=== How to complete this task ===
A faithful copy of the data below is required, leaving out every picture.

=== Records for this task ===
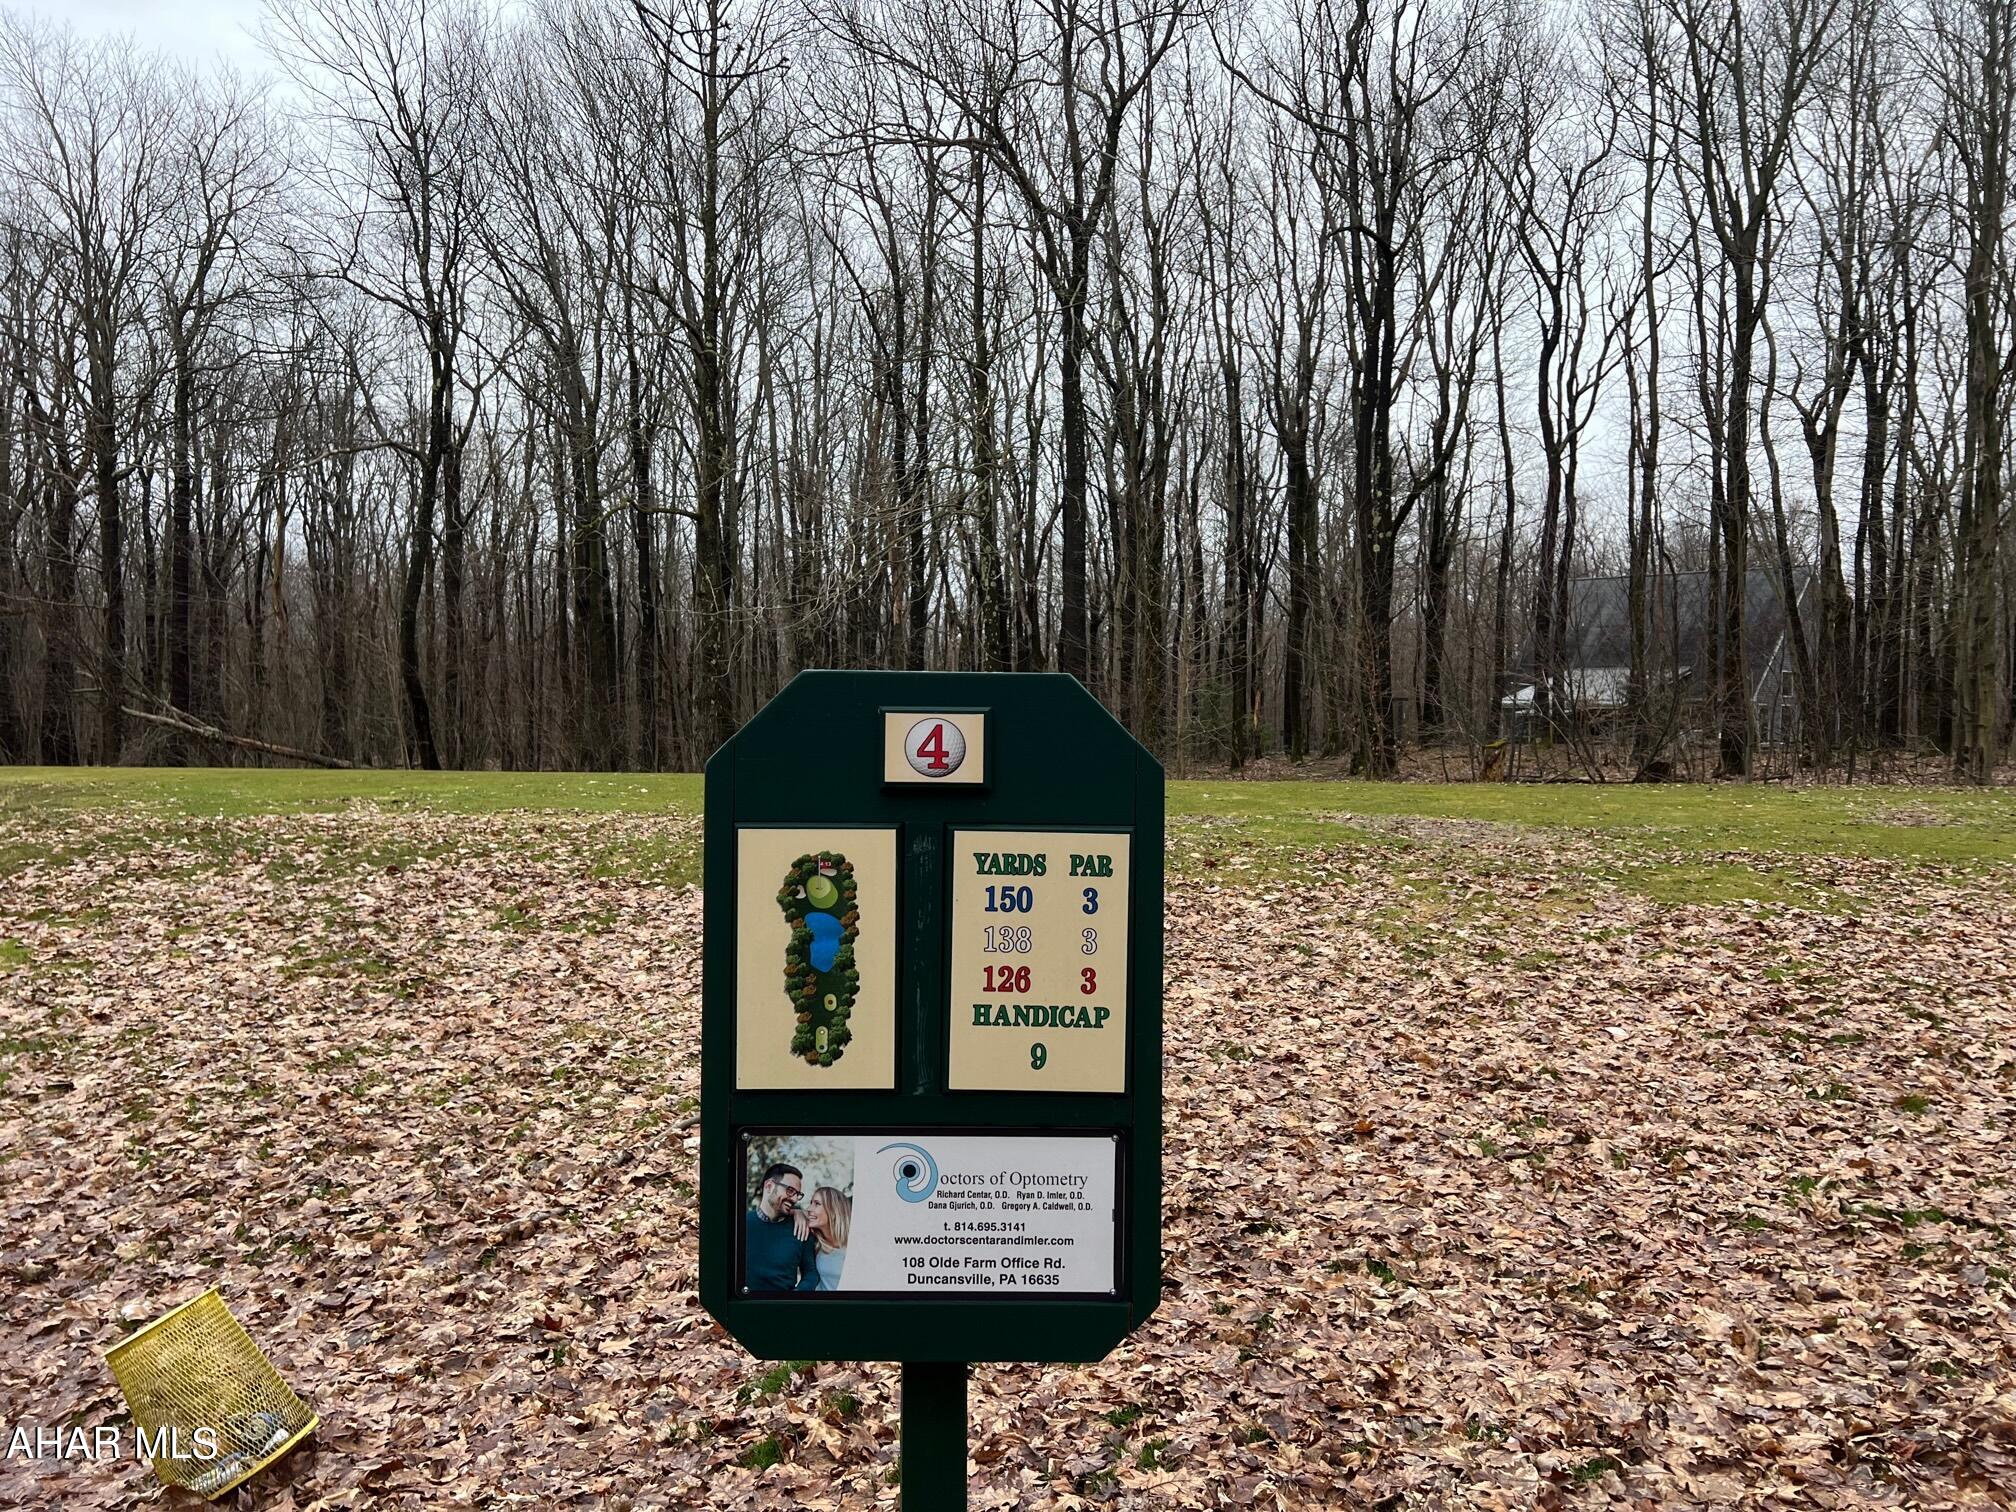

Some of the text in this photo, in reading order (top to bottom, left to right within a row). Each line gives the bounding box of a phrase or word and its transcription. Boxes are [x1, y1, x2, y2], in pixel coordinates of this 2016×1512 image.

[916, 723, 950, 769] 4
[973, 852, 1114, 877] YARDS PAR
[984, 885, 1099, 914] 150 3
[983, 925, 1098, 955] 138 3
[982, 965, 1097, 995] 126 3
[972, 1004, 1110, 1028] HANDICAP
[1030, 1042, 1047, 1070] 9
[989, 1171, 1007, 1185] of
[1009, 1171, 1088, 1189] Optometry
[936, 1190, 1085, 1200] Richard Centar, O.D. Ryan D. Imler, O.D.
[928, 1201, 1093, 1211] Dana Gjurich, O.D. Gregory A. Caldwell, O.D.
[944, 1222, 1026, 1232] t. 814.695.3141
[894, 1235, 1075, 1246] www.doctorscentarandimler.com
[902, 1257, 1066, 1269] 108 Olde Farm Office Rd.
[907, 1273, 1060, 1286] Duncansville, PA 16635

=== Response below ===
Some of the text in this photo, in reading order (top to bottom, left to right within a row). Each line gives the bounding box of a phrase or word and its transcription. Boxes are [x1, y1, x2, y2], in pixel coordinates of this 2016×1512 image.

[916, 723, 950, 769] 4
[973, 852, 1114, 877] YARDS PAR
[984, 885, 1099, 914] 150 3
[983, 925, 1098, 955] 138 3
[982, 965, 1097, 995] 126 3
[972, 1004, 1110, 1028] HANDICAP
[1030, 1042, 1047, 1070] 9
[989, 1171, 1007, 1185] of
[1009, 1171, 1088, 1189] Optometry
[936, 1190, 1085, 1200] Richard Centar, O.D. Ryan D. Imler, O.D.
[928, 1201, 1093, 1211] Dana Gjurich, O.D. Gregory A. Caldwell, O.D.
[944, 1222, 1026, 1232] t. 814.695.3141
[894, 1235, 1075, 1246] www.doctorscentarandimler.com
[902, 1257, 1066, 1269] 108 Olde Farm Office Rd.
[907, 1273, 1060, 1286] Duncansville, PA 16635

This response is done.